====== TASK DATA ======

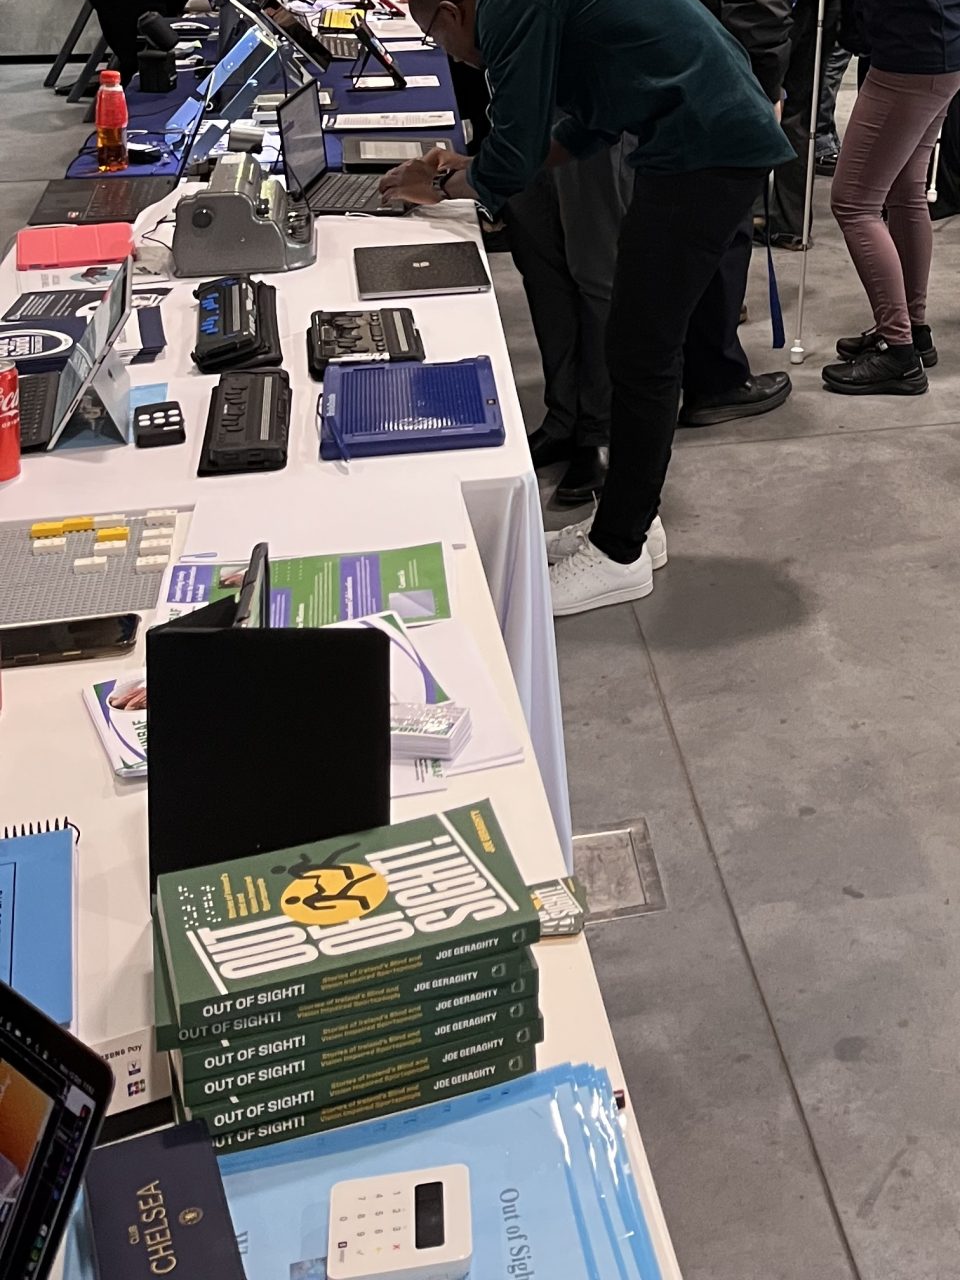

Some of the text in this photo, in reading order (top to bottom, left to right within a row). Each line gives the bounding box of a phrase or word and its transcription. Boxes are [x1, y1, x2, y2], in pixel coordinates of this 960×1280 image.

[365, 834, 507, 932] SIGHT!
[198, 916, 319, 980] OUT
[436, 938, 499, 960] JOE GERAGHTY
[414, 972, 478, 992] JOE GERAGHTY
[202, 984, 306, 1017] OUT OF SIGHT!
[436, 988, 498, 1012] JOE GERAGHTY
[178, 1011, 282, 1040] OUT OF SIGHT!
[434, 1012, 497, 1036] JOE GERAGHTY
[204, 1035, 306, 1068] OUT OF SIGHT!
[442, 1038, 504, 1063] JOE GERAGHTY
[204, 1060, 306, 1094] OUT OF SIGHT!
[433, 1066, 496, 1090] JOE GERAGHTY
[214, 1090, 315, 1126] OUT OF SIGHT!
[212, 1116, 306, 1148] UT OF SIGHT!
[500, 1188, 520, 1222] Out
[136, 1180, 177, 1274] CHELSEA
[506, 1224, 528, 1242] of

======

WHAT IS REQUIRED: Repeat the entries exactly as they are given, leaving out each image.

RESULT OF THIS EXERCISE:
Some of the text in this photo, in reading order (top to bottom, left to right within a row). Each line gives the bounding box of a phrase or word and its transcription. Boxes are [x1, y1, x2, y2], in pixel coordinates of this 960×1280 image.

[365, 834, 507, 932] SIGHT!
[198, 916, 319, 980] OUT
[436, 938, 499, 960] JOE GERAGHTY
[414, 972, 478, 992] JOE GERAGHTY
[202, 984, 306, 1017] OUT OF SIGHT!
[436, 988, 498, 1012] JOE GERAGHTY
[178, 1011, 282, 1040] OUT OF SIGHT!
[434, 1012, 497, 1036] JOE GERAGHTY
[204, 1035, 306, 1068] OUT OF SIGHT!
[442, 1038, 504, 1063] JOE GERAGHTY
[204, 1060, 306, 1094] OUT OF SIGHT!
[433, 1066, 496, 1090] JOE GERAGHTY
[214, 1090, 315, 1126] OUT OF SIGHT!
[212, 1116, 306, 1148] UT OF SIGHT!
[500, 1188, 520, 1222] Out
[136, 1180, 177, 1274] CHELSEA
[506, 1224, 528, 1242] of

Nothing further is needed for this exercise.